AI and machine learning models are being used to help companies stay competitive by discovering new revenue opportunities, improving risk management, detecting fraud, and streamlining business processes. But years ago, data science wasn’t even on the curriculum at universities, so many software engineers are acquiring the necessary skills on their own.
From my experience, anyone who has a strong STEM background can have a smooth transition to becoming a data scientist. Personally, I studied biology at university, but I was comfortable learning how to build machine learning models on my own. So, even if data science wasn’t what you studied in undergraduate or graduate studies, it’s possible to make the transition to AI and bring the power of machine learning to your teams.
Here are some tips from my experience as a data scientist:
- Study online: Those who want to start learning AI have plenty of online options available. Some of them are aimed towards people who already have a certain level of technical knowledge and focus on coding, while other courses are for those who don’t have any prior expertise in programming and engineering. If you’re an absolute beginner, start with some introductory Python courses and when you’re a bit more confident, move into data science, machine learning, and AI. Math is an absolute must for data science so it’s also a good idea to brush up on linear algebra, calculus, and probability and statistics. Entering a Kaggle competition can also be a great way to fine-tune your skills.
- Assess the data situation: Companies commonly use analytics and machine learning for one purpose – to help improve the bottom line through increasing revenue and reducing costs. But then to quote the adage “garbage in, garbage out,” you can’t improve operations if you don’t have regular measurements over that time that can give you enough information to glean meaningful insights. One of my favorite data science jobs was with a site used to book hotel reservations, but I discovered that the data that was collected was limited to individual transactions without monitoring web navigation. We didn’t begin an AI project until we had gathered data for an entire year so that we had a strong basis to perform data analysis.
- Choose a simple goal: It’s very important to choose a simple goal that can be communicated in a single sentence. After we collected data for a year at the hotel booking site, we chose to discover which hotels were chosen more often and then make them appear higher on the search list to increase the likelihood that a hotel will be booked on the company’s site. The project was a success because the goal could be easily explained, executed, and measured. Most importantly the results had an immediate positive impact on the bottom line. This is the most important tip for aspiring data scientists: Make sure that the enterprise can see the value of AI clearly and as soon as possible.

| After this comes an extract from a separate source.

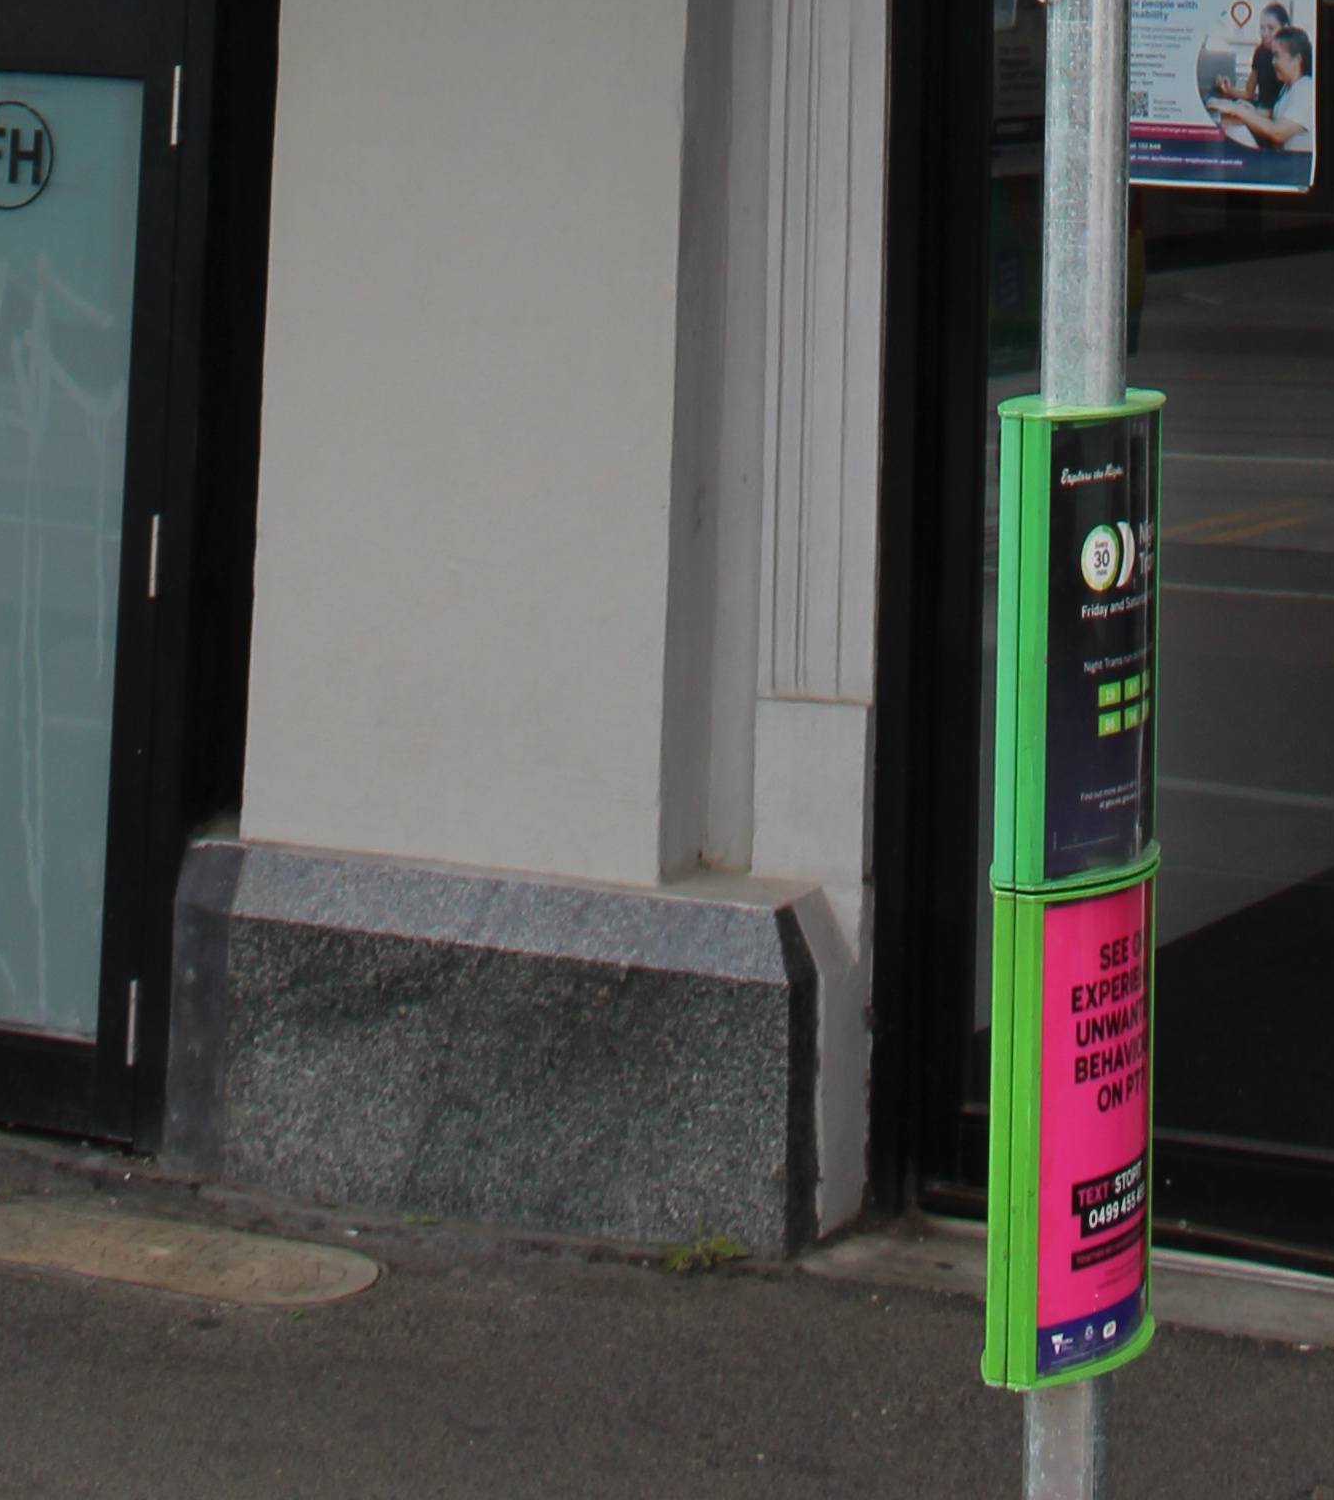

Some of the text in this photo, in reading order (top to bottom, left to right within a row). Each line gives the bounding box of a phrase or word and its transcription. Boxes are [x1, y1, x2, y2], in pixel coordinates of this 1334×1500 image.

- Choose a platform based on the data: Today there are many different types of data including time series, tabular, natural language in many forms, images, audio, and video. It’s important to assess the long-term requirements over the lifetime of the problem addressed by the model to make sure you have the right technology to ingest and process all the different possible inputs. For example, medical machine learning projects can be the most complex because they involve medical text, scanned documents, hand-written notes, graphs, and medical images.
- Build an end-to-end solution: Building a model that can generate insights is not enough. The model needs to be monitored for accuracy, and the pipelines need to be maintained to ensure a steady stream of quality data. One of my first machine learning models was managed by a home-grown MLOps system that had some hiccups. For a whole night, the system was generated bad hotel recommendations, including two-star hotels that charged over $300 a night, but we couldn’t identify and fix the problem until the following morning. Every machine learning project needs to address the long-term requirements by having a framework to retrain and test and roll back and start over if there are problems.
- Open source doesn’t have all the answers: It is always a good idea to see if someone has already developed, trained, and tested a model that can be used so you don’t have to reinvent the wheel. However, from my experience, many marketing, finance, and manufacturing departments need to build models trained on their own data. For example, one of my projects for construction safety needed to identify whether factory workers are following safety regulations by wearing helmets and gloves. There were open-source object detection models available, but they weren’t useful because they could only detect a limited array of objects in a narrow set of environments.
- Prepare to compromise: There is no perfect machine learning model, and the decision as to which model to use needs to be based on the financial impact. For example, I evaluated two fraud detection models where one was more effective at detecting large-scale fraud and another could identify smaller financial losses. A certain set of flagged transactions would also require some human review from a team of fraud analysts. We did a simple calculation to pick the model that would have the most positive financial impact and could produce a manageable number of transactions to review.
- You may become the victim of your own success: At one company the success of our project created a long list of internal departments who also wanted machine learning added to their IT agenda. Helping enterprises transition to becoming AI-first means educating developers and users to the importance of data, and then working with them to select problem that can be solved by AI in simple and explainable ways. It can also become a great opportunity to cross-train additional teams to start adopting ML into their workflows.
Each AI journey, for individuals and enterprises, is highly personal, but certain guidelines can ensure a smoother ride. AI has transitioned from being a technology of the future to a must-have to stay competitive, and I predict in the very near future that generating machine learning models will become a required skill for many developers and software engineers.